Go to the line containing "this 1200×1800 image." and return it and each line after it exactly, through the end of the data below, and nothing more.

• _RECORDS FOR PROCESSING_:
[Start of Attachment]

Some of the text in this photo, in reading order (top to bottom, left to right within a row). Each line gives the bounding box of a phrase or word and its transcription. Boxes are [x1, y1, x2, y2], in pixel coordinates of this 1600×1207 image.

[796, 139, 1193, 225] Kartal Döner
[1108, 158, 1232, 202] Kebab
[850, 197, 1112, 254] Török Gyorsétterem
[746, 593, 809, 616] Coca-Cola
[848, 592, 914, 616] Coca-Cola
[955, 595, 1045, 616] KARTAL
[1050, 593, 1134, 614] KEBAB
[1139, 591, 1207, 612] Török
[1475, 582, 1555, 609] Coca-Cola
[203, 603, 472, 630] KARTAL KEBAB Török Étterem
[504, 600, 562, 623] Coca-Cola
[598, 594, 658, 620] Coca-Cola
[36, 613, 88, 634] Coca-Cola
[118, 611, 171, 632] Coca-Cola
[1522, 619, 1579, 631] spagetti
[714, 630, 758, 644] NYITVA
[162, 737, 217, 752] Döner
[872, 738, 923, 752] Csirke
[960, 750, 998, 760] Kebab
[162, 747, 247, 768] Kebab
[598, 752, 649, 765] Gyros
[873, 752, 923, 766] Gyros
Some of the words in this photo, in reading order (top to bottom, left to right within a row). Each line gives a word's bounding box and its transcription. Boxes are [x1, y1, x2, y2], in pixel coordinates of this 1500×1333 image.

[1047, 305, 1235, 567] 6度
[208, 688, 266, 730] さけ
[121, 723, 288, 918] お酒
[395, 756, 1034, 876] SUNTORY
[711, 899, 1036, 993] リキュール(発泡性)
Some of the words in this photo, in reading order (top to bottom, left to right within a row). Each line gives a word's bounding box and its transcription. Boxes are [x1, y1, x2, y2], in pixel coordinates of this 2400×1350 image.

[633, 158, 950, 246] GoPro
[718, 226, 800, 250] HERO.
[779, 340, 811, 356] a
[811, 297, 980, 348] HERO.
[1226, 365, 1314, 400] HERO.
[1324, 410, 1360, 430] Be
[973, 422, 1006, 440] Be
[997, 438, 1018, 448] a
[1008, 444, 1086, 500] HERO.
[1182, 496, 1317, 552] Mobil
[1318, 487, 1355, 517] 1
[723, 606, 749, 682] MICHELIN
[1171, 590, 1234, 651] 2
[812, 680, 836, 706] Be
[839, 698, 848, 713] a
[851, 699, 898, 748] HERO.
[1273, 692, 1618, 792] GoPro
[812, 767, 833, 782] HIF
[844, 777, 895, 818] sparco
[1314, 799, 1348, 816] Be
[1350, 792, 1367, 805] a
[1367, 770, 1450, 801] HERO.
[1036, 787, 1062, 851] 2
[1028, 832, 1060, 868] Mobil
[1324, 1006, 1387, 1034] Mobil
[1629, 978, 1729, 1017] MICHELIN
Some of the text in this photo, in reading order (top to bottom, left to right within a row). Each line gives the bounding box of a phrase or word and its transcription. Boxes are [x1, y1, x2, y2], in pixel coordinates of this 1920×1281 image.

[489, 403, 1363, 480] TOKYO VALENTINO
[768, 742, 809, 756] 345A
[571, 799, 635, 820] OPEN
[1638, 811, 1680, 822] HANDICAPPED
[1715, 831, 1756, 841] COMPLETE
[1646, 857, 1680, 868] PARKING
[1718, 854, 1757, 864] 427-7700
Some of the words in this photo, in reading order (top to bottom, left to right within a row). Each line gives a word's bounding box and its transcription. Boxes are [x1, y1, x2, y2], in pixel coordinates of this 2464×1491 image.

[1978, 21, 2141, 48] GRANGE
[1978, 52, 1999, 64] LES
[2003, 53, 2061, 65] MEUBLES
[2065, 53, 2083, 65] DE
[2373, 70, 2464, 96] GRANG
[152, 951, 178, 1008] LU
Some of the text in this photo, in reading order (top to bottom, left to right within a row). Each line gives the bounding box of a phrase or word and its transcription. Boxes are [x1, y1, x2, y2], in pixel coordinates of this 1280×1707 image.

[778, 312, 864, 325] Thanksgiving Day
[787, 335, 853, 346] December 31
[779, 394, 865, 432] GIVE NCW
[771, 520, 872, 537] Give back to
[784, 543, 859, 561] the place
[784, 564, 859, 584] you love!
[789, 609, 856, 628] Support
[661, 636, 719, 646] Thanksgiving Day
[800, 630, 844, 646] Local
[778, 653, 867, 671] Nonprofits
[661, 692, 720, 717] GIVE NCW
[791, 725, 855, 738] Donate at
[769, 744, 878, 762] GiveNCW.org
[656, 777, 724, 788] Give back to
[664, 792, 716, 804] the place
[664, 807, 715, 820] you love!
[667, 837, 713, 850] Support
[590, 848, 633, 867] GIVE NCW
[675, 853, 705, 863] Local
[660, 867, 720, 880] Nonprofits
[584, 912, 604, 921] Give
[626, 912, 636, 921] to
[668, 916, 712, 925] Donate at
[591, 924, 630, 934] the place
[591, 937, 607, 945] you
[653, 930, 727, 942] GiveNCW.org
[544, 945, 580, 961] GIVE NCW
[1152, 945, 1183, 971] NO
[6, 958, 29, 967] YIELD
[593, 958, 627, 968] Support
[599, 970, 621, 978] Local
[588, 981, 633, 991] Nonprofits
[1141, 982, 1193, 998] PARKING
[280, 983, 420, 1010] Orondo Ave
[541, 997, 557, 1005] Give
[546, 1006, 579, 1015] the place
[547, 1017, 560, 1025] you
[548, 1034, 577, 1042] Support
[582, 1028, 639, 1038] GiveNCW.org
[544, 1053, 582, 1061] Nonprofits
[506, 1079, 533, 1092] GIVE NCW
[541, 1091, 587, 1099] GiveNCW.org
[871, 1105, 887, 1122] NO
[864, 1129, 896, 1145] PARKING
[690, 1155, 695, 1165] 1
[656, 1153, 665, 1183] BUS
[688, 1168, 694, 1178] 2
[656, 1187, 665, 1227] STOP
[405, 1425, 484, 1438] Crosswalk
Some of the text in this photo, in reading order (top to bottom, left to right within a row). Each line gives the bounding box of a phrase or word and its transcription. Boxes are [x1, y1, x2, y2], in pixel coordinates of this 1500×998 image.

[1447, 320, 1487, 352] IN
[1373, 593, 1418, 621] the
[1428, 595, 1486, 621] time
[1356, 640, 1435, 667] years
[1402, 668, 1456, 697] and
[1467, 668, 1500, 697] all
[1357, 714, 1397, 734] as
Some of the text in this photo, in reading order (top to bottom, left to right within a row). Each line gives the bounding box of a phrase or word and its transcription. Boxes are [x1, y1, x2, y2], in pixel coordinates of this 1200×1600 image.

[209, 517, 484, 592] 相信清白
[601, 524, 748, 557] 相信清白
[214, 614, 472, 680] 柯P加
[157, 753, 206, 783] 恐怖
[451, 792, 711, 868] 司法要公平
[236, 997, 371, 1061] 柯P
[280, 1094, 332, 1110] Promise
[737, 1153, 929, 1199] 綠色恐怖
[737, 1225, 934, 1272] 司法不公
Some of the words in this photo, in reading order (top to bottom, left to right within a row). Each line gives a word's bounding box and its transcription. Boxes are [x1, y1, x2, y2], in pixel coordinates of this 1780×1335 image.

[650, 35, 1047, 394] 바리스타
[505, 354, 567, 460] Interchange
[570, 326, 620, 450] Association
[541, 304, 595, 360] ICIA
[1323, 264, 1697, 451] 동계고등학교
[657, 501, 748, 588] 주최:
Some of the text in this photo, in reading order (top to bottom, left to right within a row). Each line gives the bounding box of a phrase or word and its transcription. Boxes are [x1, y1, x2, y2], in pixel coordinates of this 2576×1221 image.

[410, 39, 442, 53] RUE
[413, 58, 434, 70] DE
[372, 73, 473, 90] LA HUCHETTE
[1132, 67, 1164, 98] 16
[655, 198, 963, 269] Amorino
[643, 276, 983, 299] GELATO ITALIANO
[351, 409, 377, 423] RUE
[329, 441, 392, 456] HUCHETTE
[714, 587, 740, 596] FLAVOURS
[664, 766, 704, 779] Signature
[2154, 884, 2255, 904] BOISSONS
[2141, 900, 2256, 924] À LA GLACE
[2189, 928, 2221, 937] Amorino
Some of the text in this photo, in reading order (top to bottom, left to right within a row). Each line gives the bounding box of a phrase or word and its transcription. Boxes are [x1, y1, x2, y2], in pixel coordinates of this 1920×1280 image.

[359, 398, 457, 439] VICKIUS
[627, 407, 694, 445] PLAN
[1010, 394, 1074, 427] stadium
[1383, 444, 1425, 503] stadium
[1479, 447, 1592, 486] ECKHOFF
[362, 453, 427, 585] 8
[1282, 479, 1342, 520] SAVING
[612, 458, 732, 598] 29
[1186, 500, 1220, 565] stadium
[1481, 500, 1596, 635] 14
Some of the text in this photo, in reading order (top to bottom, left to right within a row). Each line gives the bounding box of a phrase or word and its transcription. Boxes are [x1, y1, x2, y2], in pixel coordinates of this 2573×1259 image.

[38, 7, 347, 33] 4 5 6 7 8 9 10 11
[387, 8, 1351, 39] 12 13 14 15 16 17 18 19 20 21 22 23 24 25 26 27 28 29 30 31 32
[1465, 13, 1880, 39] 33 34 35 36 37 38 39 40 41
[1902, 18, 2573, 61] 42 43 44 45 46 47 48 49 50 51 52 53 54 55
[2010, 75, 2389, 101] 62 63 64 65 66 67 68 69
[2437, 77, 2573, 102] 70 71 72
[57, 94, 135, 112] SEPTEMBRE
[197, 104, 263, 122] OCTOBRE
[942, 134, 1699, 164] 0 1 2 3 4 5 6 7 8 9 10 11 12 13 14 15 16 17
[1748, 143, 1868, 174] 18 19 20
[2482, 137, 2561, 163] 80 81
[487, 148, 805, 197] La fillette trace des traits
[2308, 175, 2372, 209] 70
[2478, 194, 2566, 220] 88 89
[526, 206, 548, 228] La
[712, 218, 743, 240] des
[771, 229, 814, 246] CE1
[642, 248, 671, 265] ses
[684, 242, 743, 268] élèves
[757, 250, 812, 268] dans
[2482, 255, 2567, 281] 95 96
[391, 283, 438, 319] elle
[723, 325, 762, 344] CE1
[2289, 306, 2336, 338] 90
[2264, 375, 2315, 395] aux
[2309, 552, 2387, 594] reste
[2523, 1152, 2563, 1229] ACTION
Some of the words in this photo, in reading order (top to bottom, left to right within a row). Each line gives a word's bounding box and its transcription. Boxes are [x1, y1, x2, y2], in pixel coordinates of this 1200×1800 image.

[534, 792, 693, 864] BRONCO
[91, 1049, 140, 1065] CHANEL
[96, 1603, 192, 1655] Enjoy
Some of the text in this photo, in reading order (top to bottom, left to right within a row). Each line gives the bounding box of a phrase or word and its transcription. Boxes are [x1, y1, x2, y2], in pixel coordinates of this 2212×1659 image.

[End of Attachment]

• _WRITTEN SOLUTION_:
Some of the words in this photo, in reading order (top to bottom, left to right within a row). Each line gives a word's bounding box and its transcription. Boxes are [x1, y1, x2, y2], in pixel coordinates of this 1200×1800 image.

[534, 792, 693, 864] BRONCO
[91, 1049, 140, 1065] CHANEL
[96, 1603, 192, 1655] Enjoy
Some of the text in this photo, in reading order (top to bottom, left to right within a row). Each line gives the bounding box of a phrase or word and its transcription. Boxes are [x1, y1, x2, y2], in pixel coordinates of this 2212×1659 image.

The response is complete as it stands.